Hacker News new | ask | show | jobs
by estebank 2881 days ago
This is a very anglocentric view of the internet.

Most of the problems with the full unicode set can be sidestepped by a combination of UAX #31[1], NFKC[2], ignoring ligatures and digraphs[3], and following UTR #39[4].

Cyrillic apple.com is one of the few cases where it is still problematic and extra UI feedback would be needed.

[1]: http://unicode.org/reports/tr31/

[2]: http://unicode.org/reports/tr15/

[3]: https://www.unicode.org/faq/ligature_digraph.html

[4]: http://unicode.org/reports/tr39/tr39-1.html

3 comments

> This is a very anglocentric view of the internet.

Yes, it was. The grandparent is literally saying that, as an American, punycode is primarily a risk to them, not a feature.

> Most of the problems with the full unicode set can be sidestepped by a combination of...

By a combination of 4 different, complicated things that most technical users know little about and non-technical users know nothing about? And problems still remain? That doesn't bode well.

> Yes, it was. The grandparent is literally saying that, as an American, punycode is primarily a risk to them, not a feature.

...arriving to the conclusion that six billion people[1] having a degraded experience (sometimes severely) is a good trade-off. As somebody else down-thread mentioned, browsers targeted at anglophones maybe should make Cyrillic characters always obvious, but that doesn't mean this should be the default for everyone. The part I disagree with the gp with is in that "no one wants it".

> By a combination of 4 different, complicated things that most technical users know little about and non-technical users know nothing about? And problems still remain? That doesn't bode well.

I don't see how "most technical users[...] and non-technical users" have any need to learn about those "4 different, complicated things", only people directly working on User-Agents and networking have any need to understand those documents.

[1]: People that speak some level of English total ~1 billion https://blog.esl-languages.com/blog/learn-languages/most-spo...

I'm no anglocentrist, I read and write in Japanese and I'm acutely aware of the technical and social problems and motivations for punycode.

>Cyrillic apple.com is one of the few cases where it is still problematic

One of the many, you mean. Punycode has actually been implemented in several places and rolled back because the problems are so severe.

It is anglocentric and valid. I live in a country of over 300 million people almost all of which speak English. Almost half the people on the internet at present speak English and virtually all the content I could possibly want to consume is available in a non unicode domain.

For me and 300 million users avoiding malicious attempts at spoofing is important. Setting show punycode to true enables me to view pages in international domains in case I need to do this while preventing me from being exploited.

Its at present the best option for hundreds of millions of people.

Its not shortsighted or racist to acknowledge different populations of users have different needs.

Edit: In case people can't be bothered to read it should be obvious that I am advocating for shipping with show punycode true for the English US version of firefox.
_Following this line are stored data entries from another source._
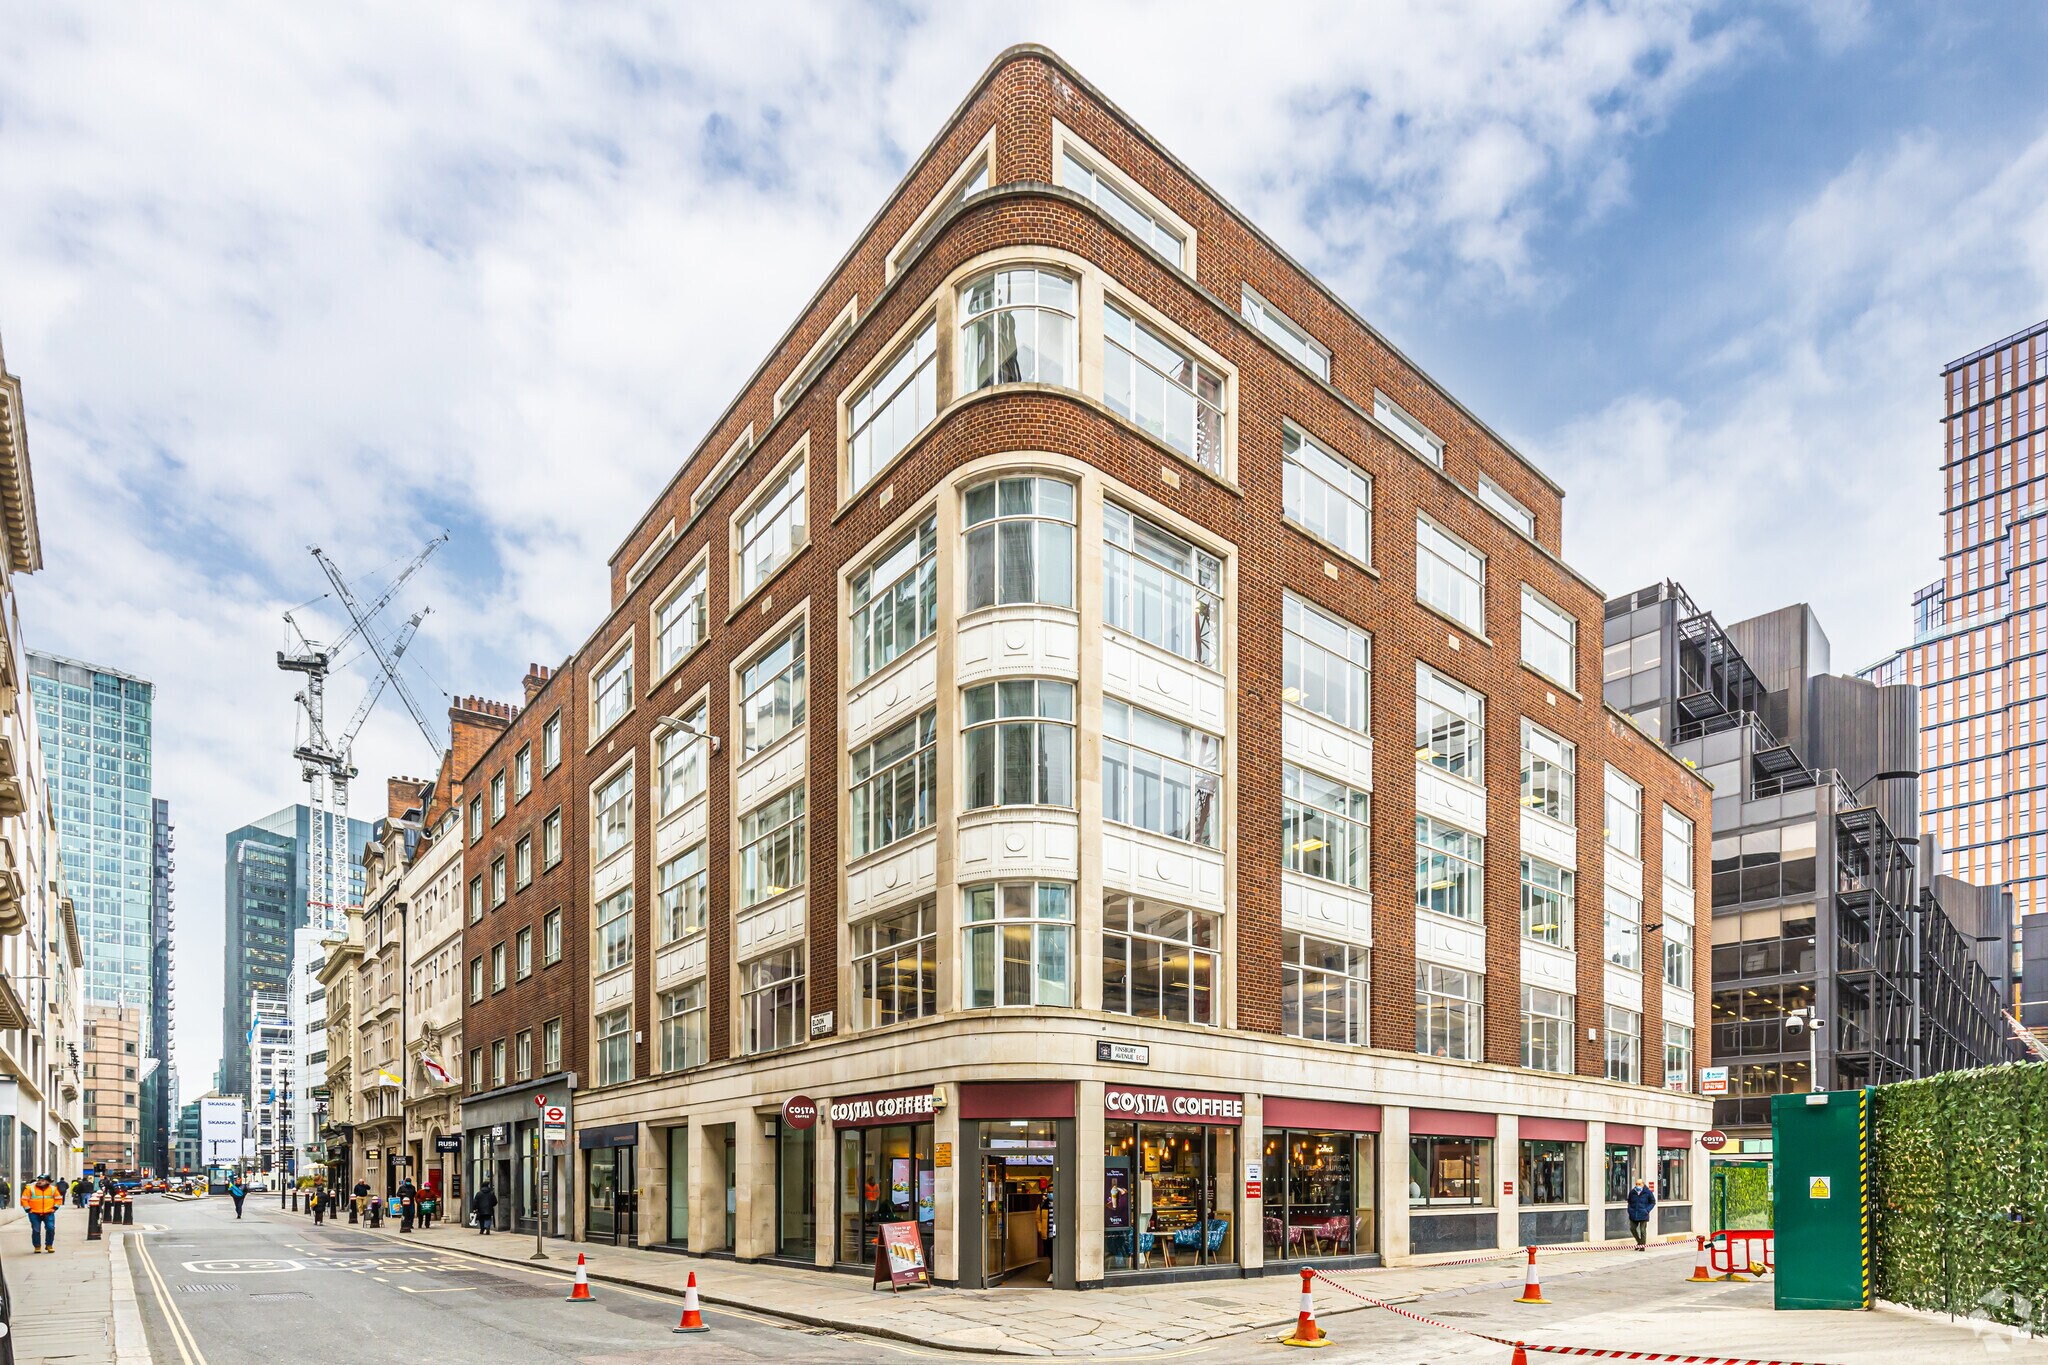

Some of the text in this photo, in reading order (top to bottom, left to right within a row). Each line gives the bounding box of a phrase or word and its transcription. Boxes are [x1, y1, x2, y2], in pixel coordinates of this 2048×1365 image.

[812, 1018, 824, 1026] ELDON
[812, 1025, 826, 1034] STREET
[1114, 1046, 1136, 1054] FINSBURY
[830, 1094, 934, 1121] COSTA COFFEE
[1106, 1092, 1242, 1117] COSTA COFFEE
[377, 1264, 478, 1273] BUS
I think people are downvoting you because it seems like you are suggesting that because it's OK for you billions of internet users have their functionality downgraded.

If you feel like punycode is a security issue then you should disable it. Perhaps browsers could do this automatically for people like you. But that's on you - saying 'nobody wants it because i speak english' is not a great foot to stand on.

People overwhelmingly use defaults. The default shouldn't be problematic. Since we already ship an us english version among many others THAT version should have this feature disabled or show the actual punycode in the url bar.

I'm honestly unsure how you can possibly make a browser that allows look alike characters secure against phishing but at least its a different sort of trade off when you are talking about populations of users that might actually encounter non phishing sites using these domains.